Exercise goal:
Pictures aside, write every record out again word for word.

START Records to use

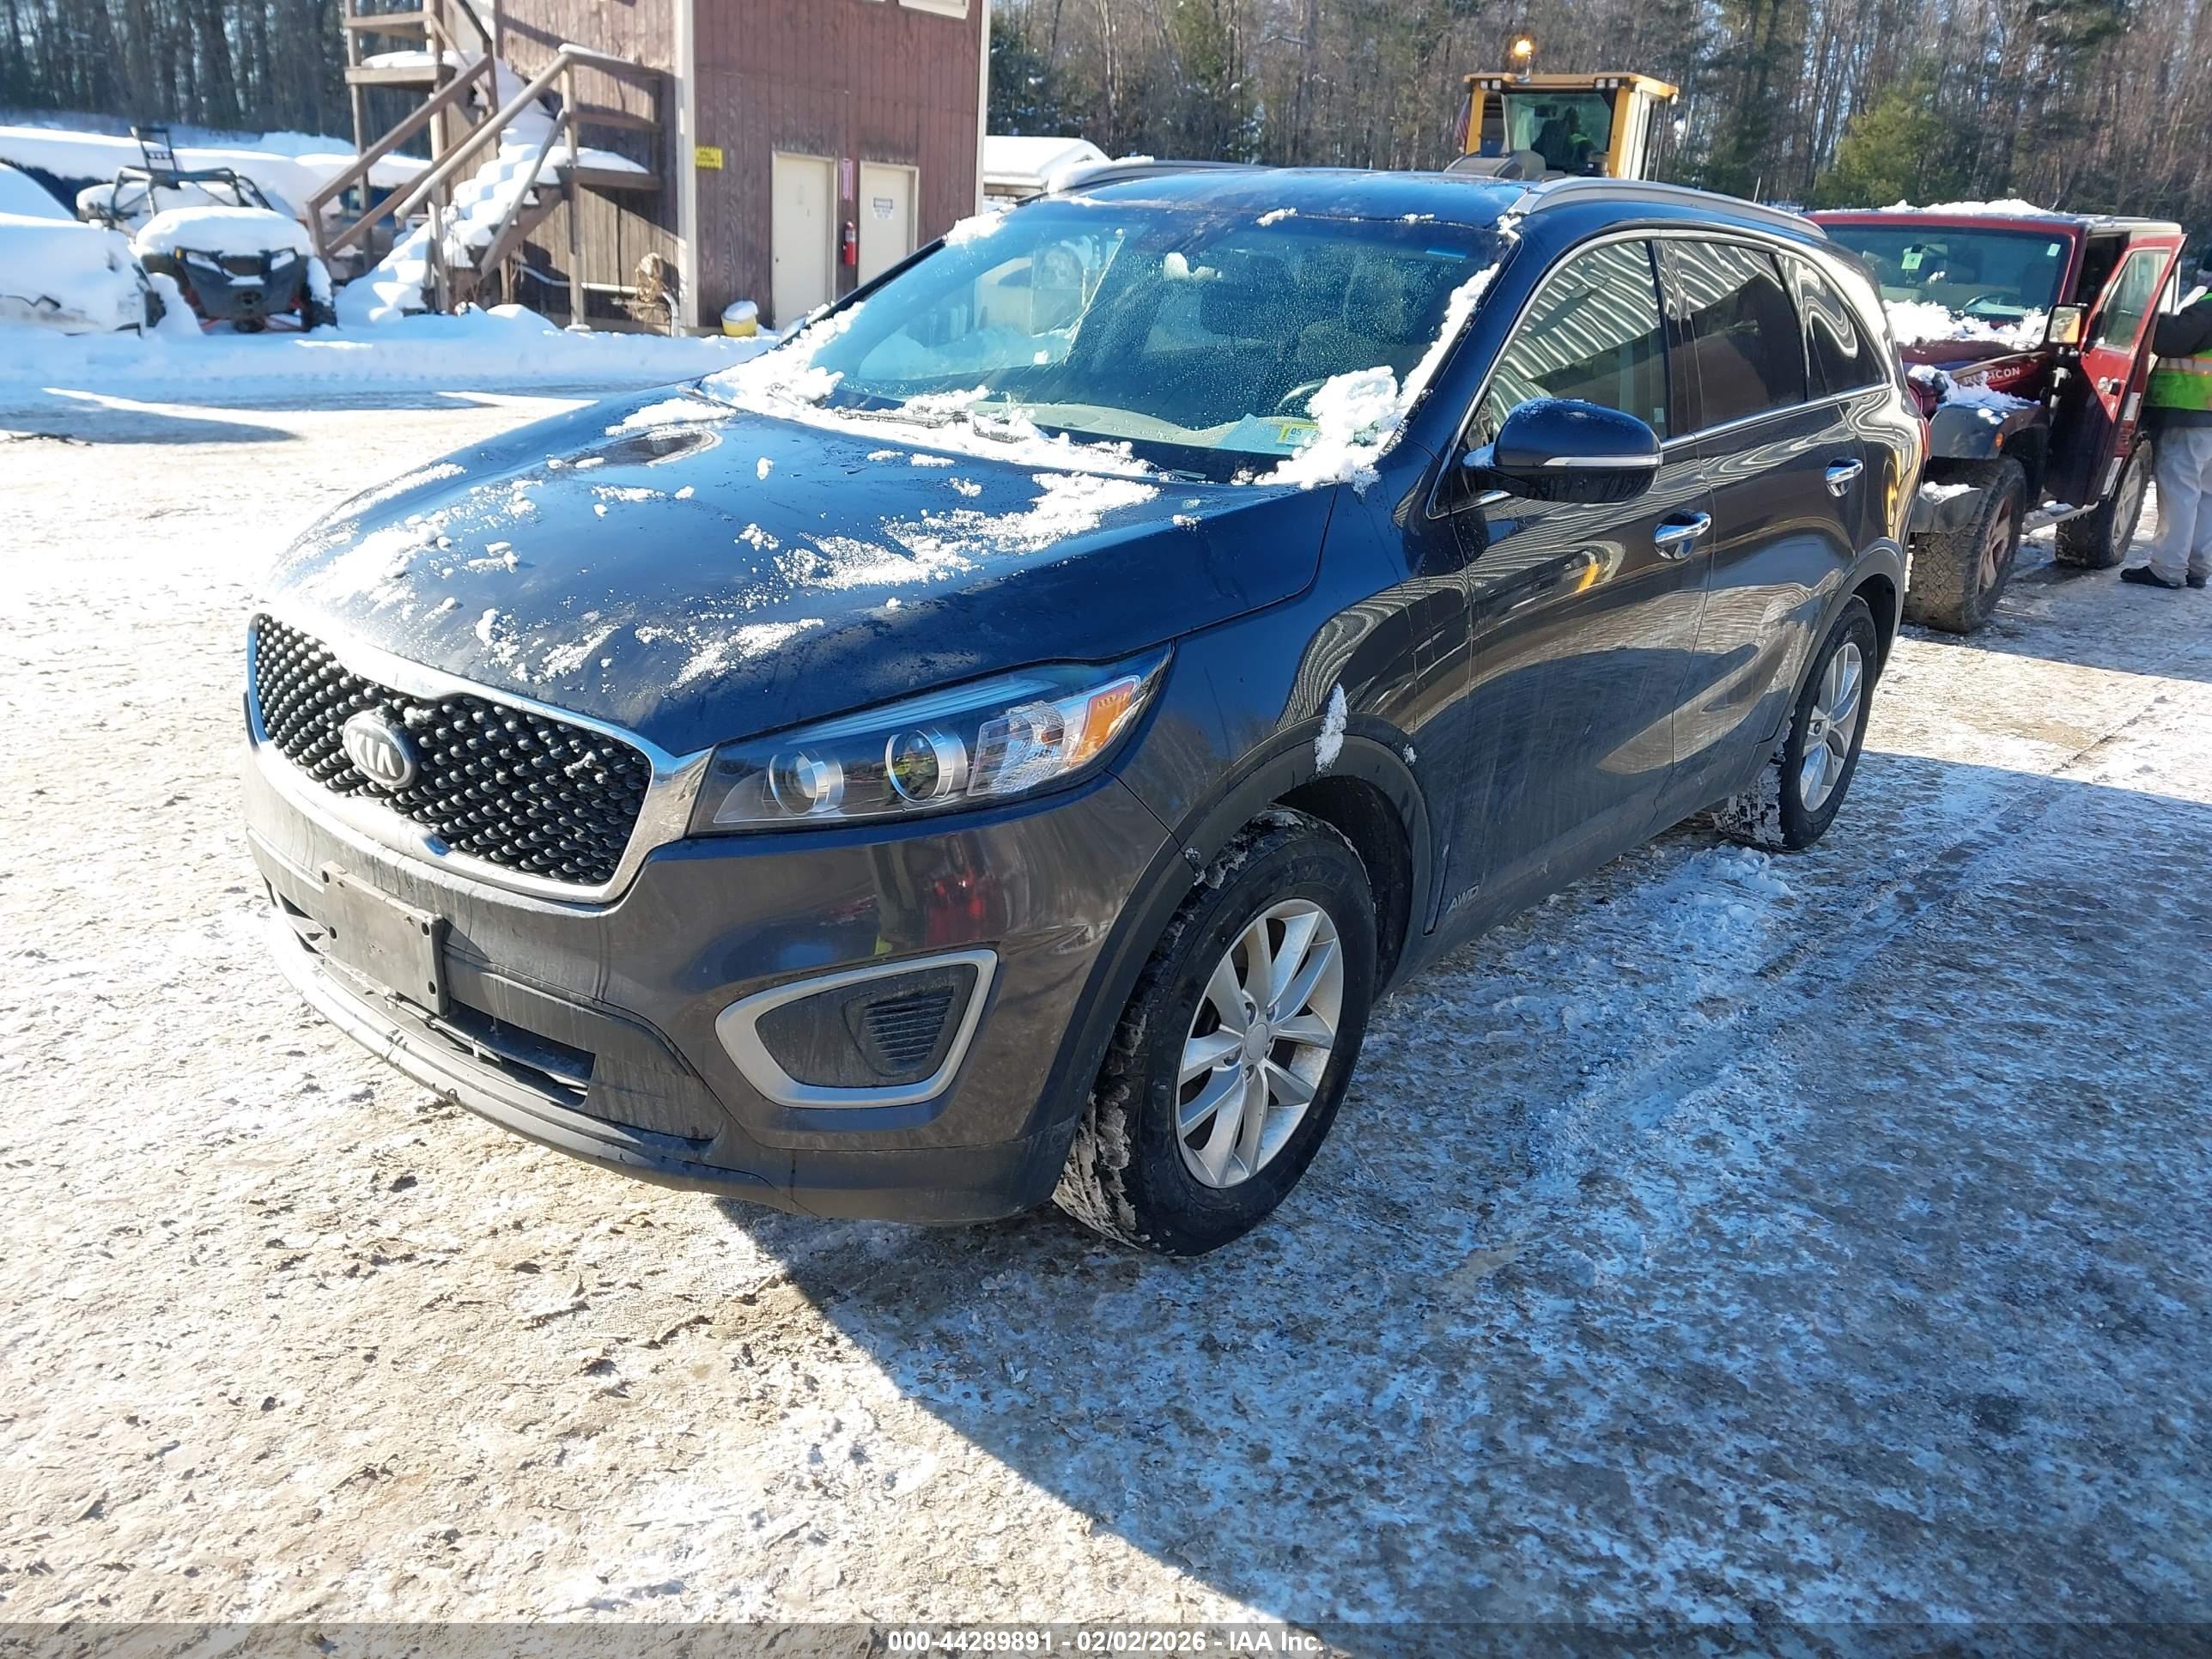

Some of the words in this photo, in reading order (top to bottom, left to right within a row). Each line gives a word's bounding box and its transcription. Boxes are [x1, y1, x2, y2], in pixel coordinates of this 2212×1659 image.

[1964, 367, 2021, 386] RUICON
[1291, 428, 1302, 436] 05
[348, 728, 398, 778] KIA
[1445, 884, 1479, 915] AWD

END Records to use

Response to this exercise:
Some of the words in this photo, in reading order (top to bottom, left to right within a row). Each line gives a word's bounding box and its transcription. Boxes are [x1, y1, x2, y2], in pixel coordinates of this 2212×1659 image.

[1964, 367, 2021, 386] RUICON
[1291, 428, 1302, 436] 05
[348, 728, 398, 778] KIA
[1445, 884, 1479, 915] AWD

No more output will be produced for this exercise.